Crackdown 3 Shows What The Xbox One Can Really Do

Crackdown 3 Shows What The Xbox One Can Really Do

Much was made of the Xbox One’s “cloud capabilities” around the time of its announcement, but until now, the only prominent use of that technology was Forza‘s “Driveatar” functionality, which essentially created a simulacrum of a player’s driving personality that lived on a server somewhere. Crackdown 3, however, has a much more interesting use for it: the creation of a city that is entirely, 100% destructible, where you can do anything from shooting a hole in a wall to collapsing an entire building, watching it crush another as it falls down. This right here is the next level of blowing things up.

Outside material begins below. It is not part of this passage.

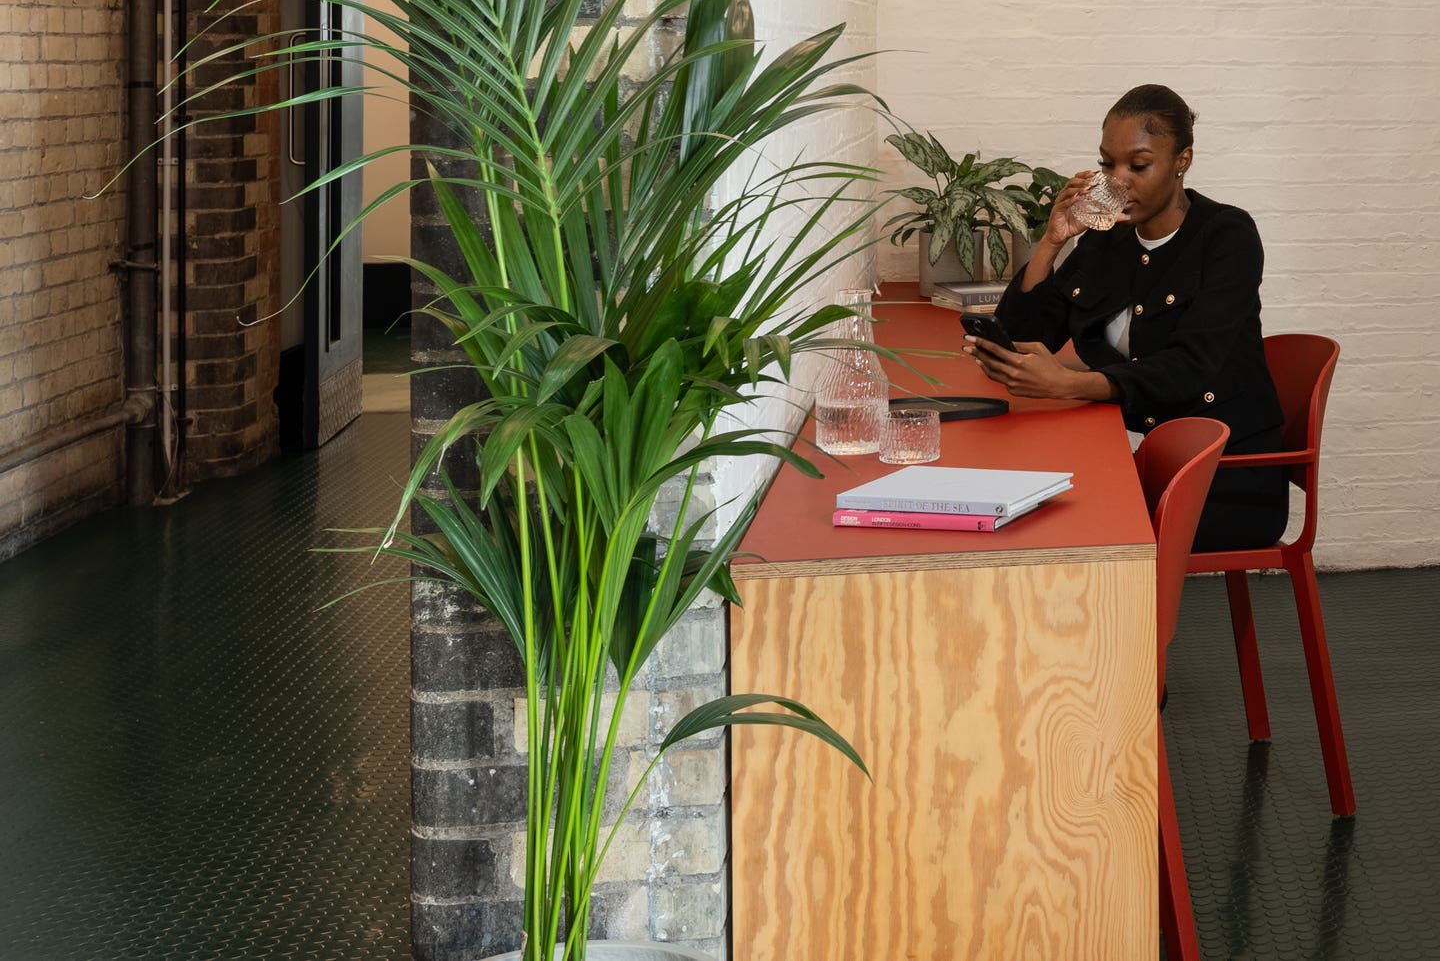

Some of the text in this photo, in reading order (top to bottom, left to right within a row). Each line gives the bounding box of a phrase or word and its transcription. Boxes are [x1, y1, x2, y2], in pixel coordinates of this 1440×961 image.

(This post originally appeared on Kotaku UK.)

In Crackdown 3‘s single-player, destructibility is limited in the same way that it would be in any other game. It’s in multiplayer that the Xbox’s cloud capabilities come into play. Whenever the physics calculations get too much for the Xbox One to handle, it offloads the calculation to a server – or two servers, or three, or six if things start getting really heavy. Everything then plays out in real-time on your screen, and on the screens of the other people who might be in your multiplayer session.

The result of this is one of the most impressive demonstrations of game technology that I’ve seen in years. Using this network, Crackdown 3 transcends what is ordinarily possible on a console, or indeed even on a super-powered PC. It can have a fully-destructible city where you can shoot a hole in any wall, collapse any building, and then throw the resultant chunks of debris at a car to make it explode.

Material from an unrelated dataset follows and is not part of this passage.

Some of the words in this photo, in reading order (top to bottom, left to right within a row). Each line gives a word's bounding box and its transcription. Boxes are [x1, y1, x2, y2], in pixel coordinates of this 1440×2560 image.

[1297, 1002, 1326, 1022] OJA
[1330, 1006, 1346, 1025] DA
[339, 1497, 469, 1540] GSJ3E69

I tested this out myself with three other players in the session. The weapons had been powered-up for expediency, but it was easy to see that nothing was being faked. First, the bullets strip away the exterior of a building to reveal the superstructure below; if you want to collapse the superstructure, you need something like a rocket launcher and a bit of time, but eventually it will buckle and fall over, and probably take a few surrounding buildings with it. In about fifteen minutes my comrades and I managed to flatten a small section of the city.

Crackdown 3 Shows What The Xbox One Can Really Do

In this build, there was a little graphic in the top right of the screen that showed when the physics calculations were being sent to servers. At one point it took seven servers to calculate the amount of carnage going on. It is awesome, in the literal sense of the word. I had immense fun standing on top of a tower and firing RPGs off at distant structures, watching them blow up in the distance. I’d assumed that you’d need a hefty Internet connection to make this work, but I was told that 2-4mbps is all that people will require.

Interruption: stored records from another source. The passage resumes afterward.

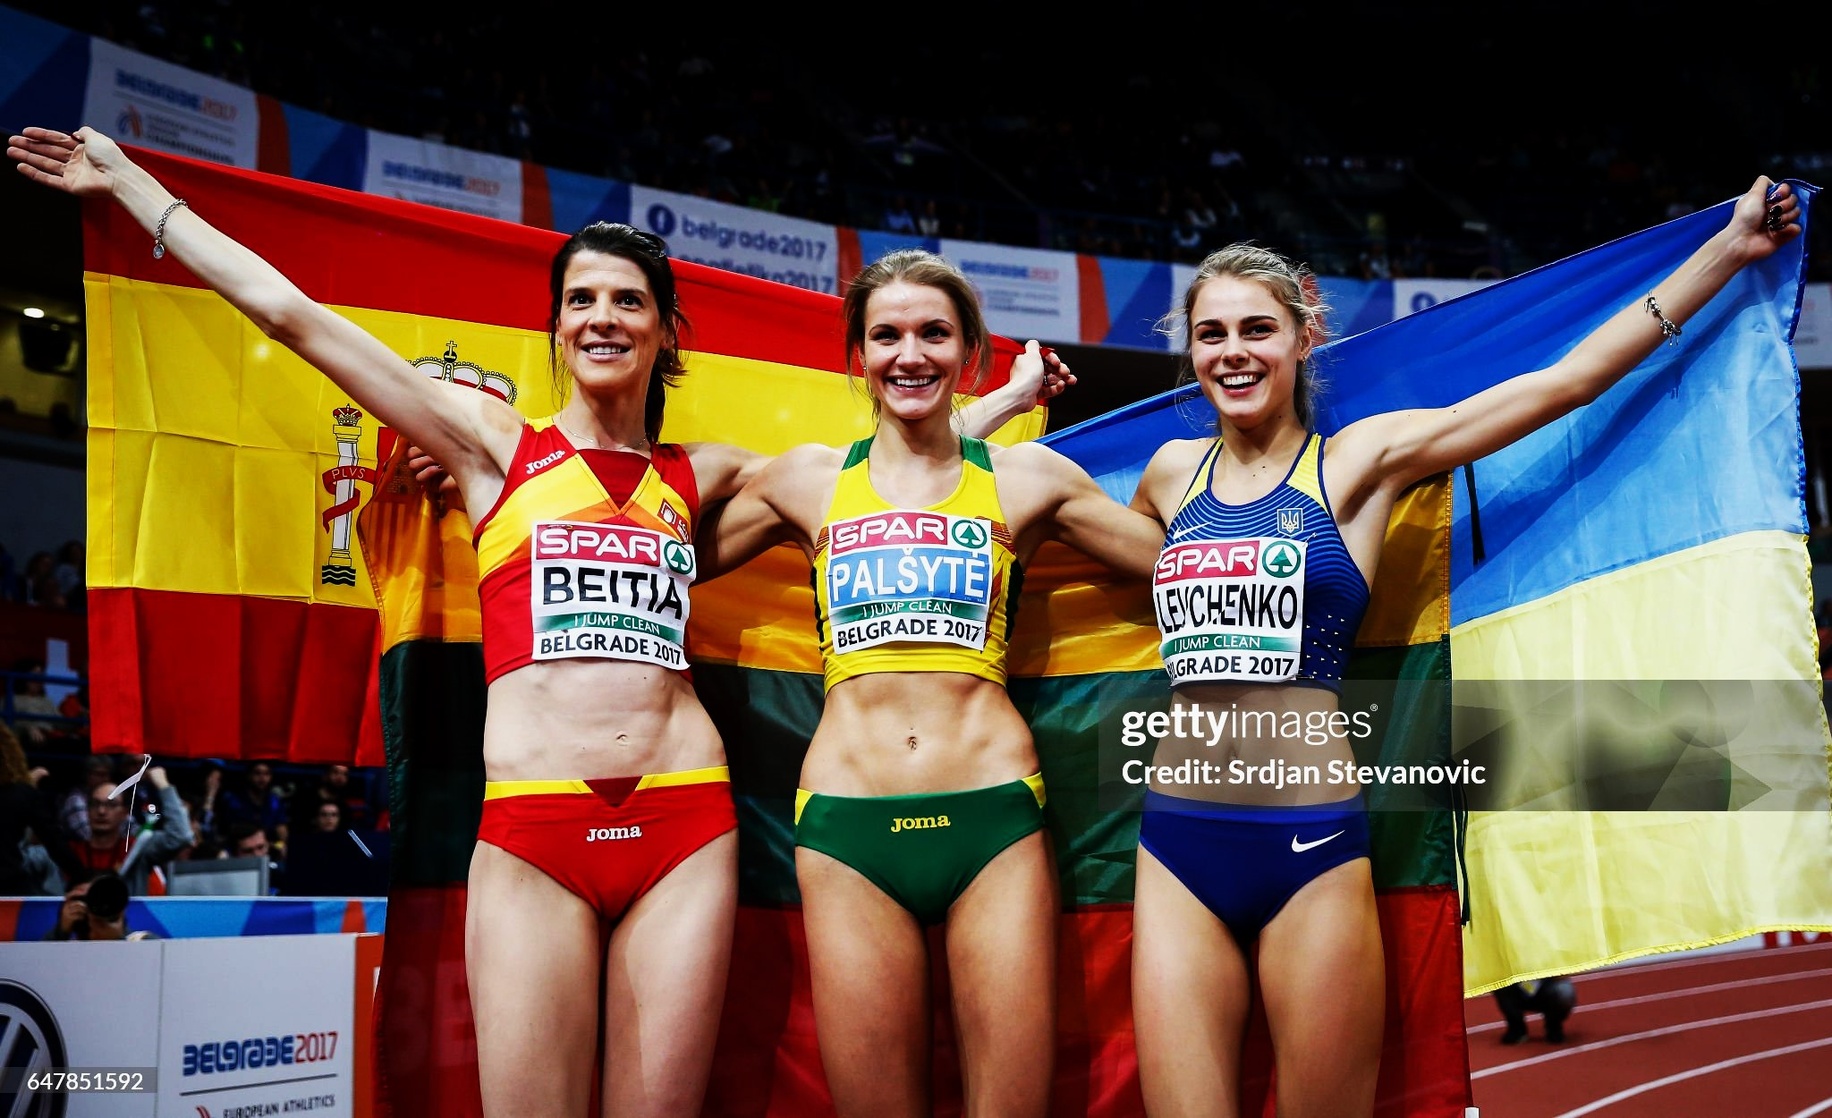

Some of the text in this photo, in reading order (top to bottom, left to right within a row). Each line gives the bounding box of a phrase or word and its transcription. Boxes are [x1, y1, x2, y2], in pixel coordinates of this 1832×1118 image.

[682, 214, 827, 262] belgrade2017
[331, 468, 366, 480] PLVS
[526, 450, 565, 474] Joma
[834, 516, 945, 549] SPAR
[539, 528, 658, 562] SPAR
[1157, 546, 1254, 579] SPAR
[543, 567, 682, 620] BEITIA
[870, 602, 905, 618] JUMP
[909, 600, 952, 615] CLEAN
[581, 614, 619, 628] JUMP
[623, 616, 660, 635] CLEAN
[838, 619, 982, 648] BELGRADE 2017
[540, 633, 681, 665] BELGRADE 2017
[1179, 637, 1208, 653] JUMP
[1214, 635, 1261, 649] CLEAN
[1248, 657, 1294, 676] 2017
[586, 825, 642, 842] Joma
[890, 815, 951, 833] Joma
[223, 1094, 336, 1118] EUROPEAN ATHLETICS

Crackdown 3 is otherwise in quite an early state. It plays like a tech demo – there’s no agility in there yet, no jumping or climbing, vehicles aren’t working, and the textures are early – so creator Reagent Games has a lot of work ahead of it. So far a lot of time has been spent on creating the city’s buildings, which have had to be designed much like real buildings in order for the destructibility to work; they all have rooms inside, and are held up by great spires of metal. But this is still the most exciting Xbox One demo I’ve played yet, because it shows what this particular console can do that nothing else can.